Citizen salve on bird haven











Enough is enough, they said. And as the government slept, a decisive citizens’ initiative to save Santragachhi Jheel as a wintering wildfowl habitat was born.
At 7 on Wednesday morning, workers recruited by a group of nature lovers stepped into the hyacinth-filled waters of the sprawling lake adjacent to Santragachhi railway station to start a month-long task that the forest department has been postponing, for reasons ranging from institutionalised lethargy to lack of funds.
The nature lovers behind the month-long initiative to prepare the lake for the arrival of the birds in early November include former cricketer Arun Lal, activists Mudar Patherya and Purnima Dutta, Arjan Basu Roy of Nature Mates-Nature Club, businessman Jayanta Chatterjee and doctor Kallol Banerjee, among others.black-winged stilt - bird - Birdwatching
“Your reports woke us up, for which we are grateful. We decided on Monday afternoon that we would visit Santragachhi Jheel to assess its condition and we did so on Tuesday morning. By noon, we had made all the required arrangements, including flow of funds, to keep the clean-up operation going,” Patherya told Metro, which had first highlighted Santragachhi Jheel’s importance as a bird habitat in a full-page feature on January 30.
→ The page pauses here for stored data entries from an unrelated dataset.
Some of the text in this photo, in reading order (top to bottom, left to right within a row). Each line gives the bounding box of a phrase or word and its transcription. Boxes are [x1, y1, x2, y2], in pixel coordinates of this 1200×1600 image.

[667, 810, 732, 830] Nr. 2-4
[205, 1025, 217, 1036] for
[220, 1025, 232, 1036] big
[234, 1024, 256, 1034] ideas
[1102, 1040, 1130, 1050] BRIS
The 13,75,000sq ft water body that attracted 10,363 ducks last winter — the head count was done by the NGO Prakriti Samsad — is currently a dense carpet of hyacinth and plastic waste. Veteran birders warn that migrant wildfowl might never return to the lake if they find the conditions less than ideal to roost this winter.
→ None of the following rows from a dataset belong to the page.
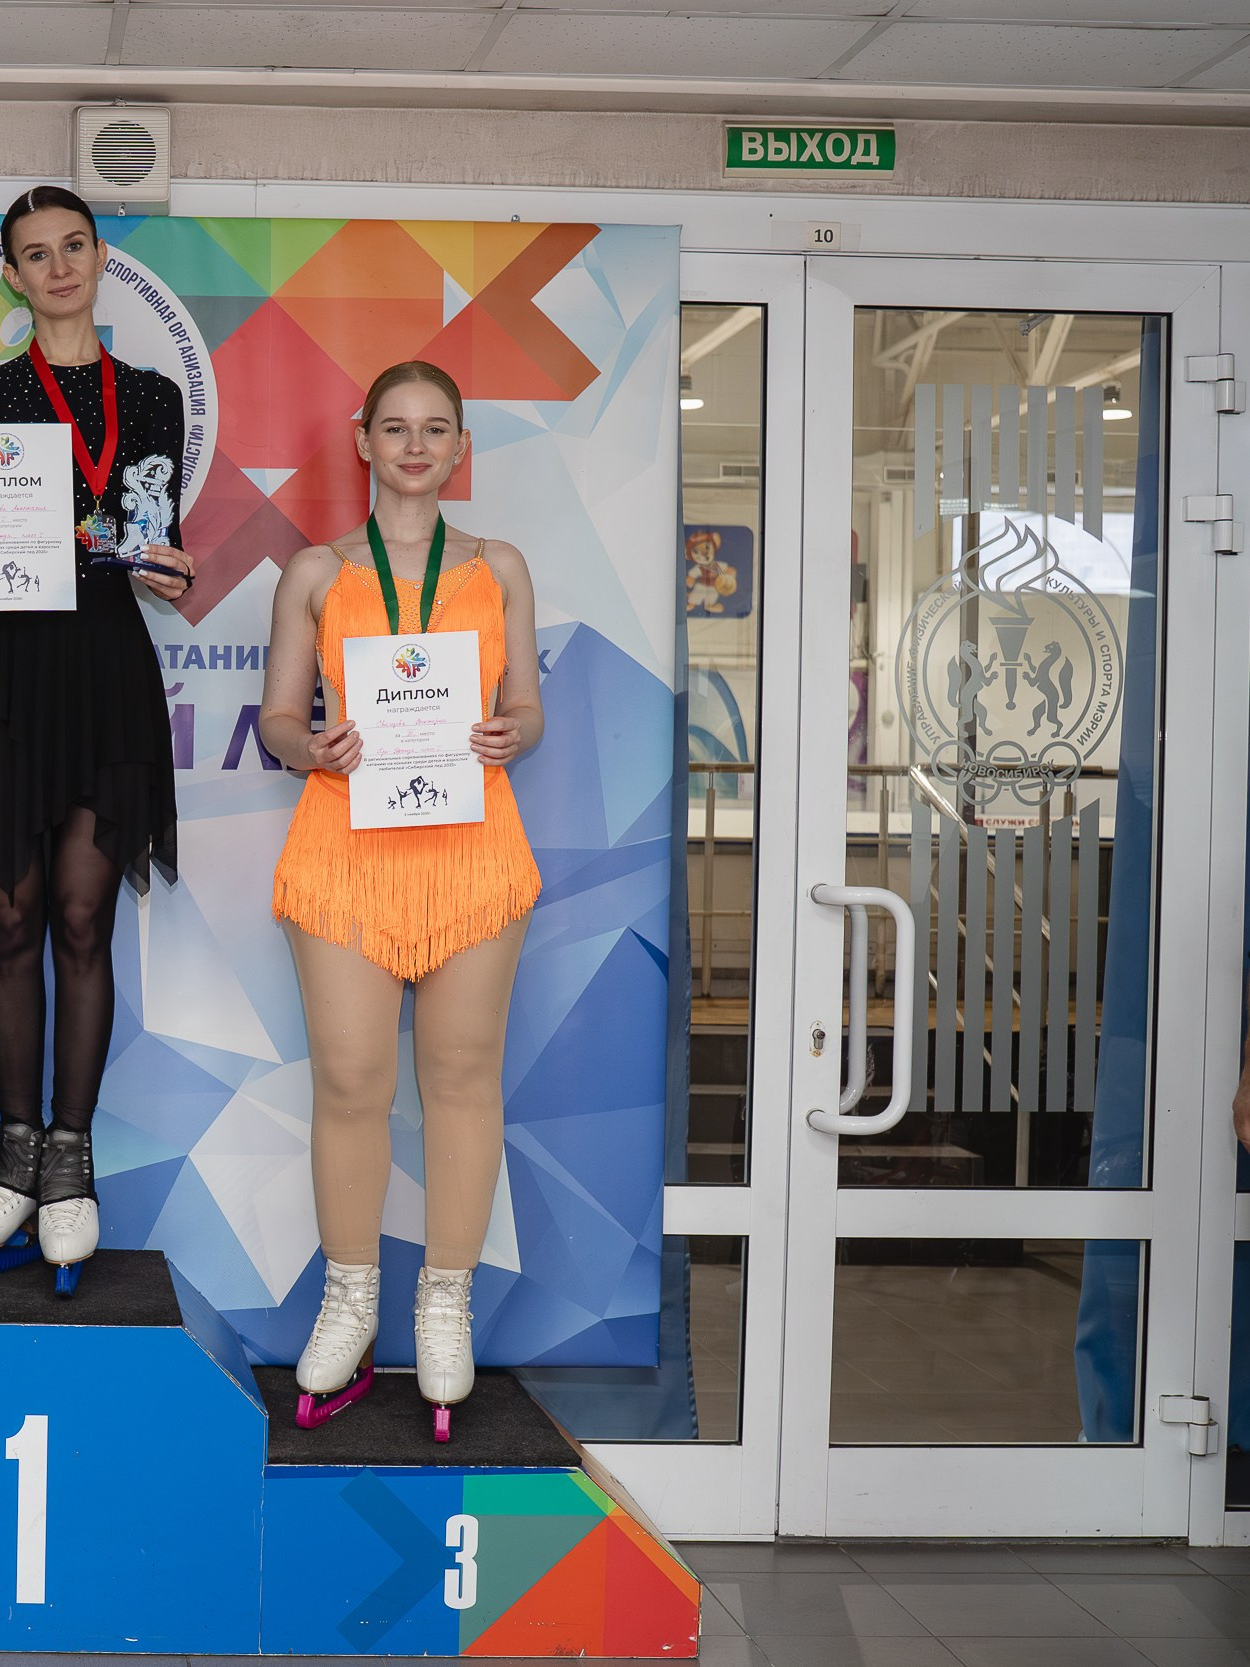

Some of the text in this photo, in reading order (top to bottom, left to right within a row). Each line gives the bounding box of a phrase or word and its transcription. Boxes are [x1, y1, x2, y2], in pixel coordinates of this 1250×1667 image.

[741, 132, 880, 166] ВЫХОД
[814, 229, 834, 243] 10
[168, 321, 207, 416] ОРГАНИЗАЦИЯ
[1045, 576, 1100, 635] КУЛЬТУРЫ
[1097, 630, 1107, 641] И
[1100, 645, 1113, 697] СПОРТА
[376, 687, 449, 705] Диплом
[386, 704, 441, 714] награждается
[906, 661, 940, 745] УПРАВЛЕНИЕ
[1077, 702, 1108, 748] МЭРИИ
[959, 759, 1058, 779] НОВОСИБИРСК
[5, 1414, 49, 1604] 1
[443, 1513, 479, 1610] 3
“The forest department was to have started work on cleaning the lake and building islands for the birds by August. We can’t look the other way when the government fails to perform. We needed to take the initiative and we have,” said Basu Roy, part of the 12-member core group.
Cricketer-turned-commentator Arun Lal said he joined the group because there was “no point sitting and criticising the government”.
“I am deeply interested in birds and trees. I have purchased land at Raipur, in South 24-Parganas, where I have planted 3,000 trees. I look after orphaned birds…. As citizens, we have a responsibility to do something to conserve nature. So when I came to know about Santragachhi Jheel, I decided to be a part of the group that has undertaken the work of cleaning it,” he said.
Paul Walsh, a former official of the British deputy high commission and the founder of the Jungle Crows rugby team, was among those who turned up at Santragachhi on Wednesday to support the initiative. Players from the Jungle Crows are set to join the clean-up operation on Thursday.
“We have participated in similar projects earlier in schools and playgrounds. So when I got a call from a friend, I told him that our players would help remove the hyacinth,” Walsh said.
Local support came from members of the Chhottodal Club, located a few metres from the lake.
Experts say the biggest challenge is to ensure that the lake is cleaned in a manner that leaves the food sources and roosting places of the birds intact.
Workers were seen placing two parallel bamboo poles on the hyacinth bed to build a bridge to the deeper portions of the lake. A backhoe payloader will be at hand on Thursday to help move the hyacinth to pick-up vans. The citizens’ group is trying to get companies that produce manure from water hyacinth to take away the plants removed from the lake.
“Over the next 15 days, much of the water hyacinth will be cleared. If the birds can see the waters and islands in between for roosting, they won’t fly away,” Patherya hoped.
Santragachhi Jheel, owned by the railways, attracts mostly the Common Lesser Whistling Duck. The count of trans-Himalayan visitors like the Ferruginous Pochard, Comb Duck, Garganey, Northern Pintail and Swinhoe’s Snipe has dipped over the years.
In the virtual world, the number of signatories to the save-Santragachhi Lake petition initiated by veteran birder and conservation activist Sumit K. Sen crossed 500 by Wednesday evening. Sen appealed to nature lovers to donate to the citizens’ initiative.
Amid the public activism, the government remained in meeting mode.
“We have a meeting on Thursday to discuss how to mobilise funds and when to start cleaning the lake,” divisional forest officer Goutam Chakraborty said.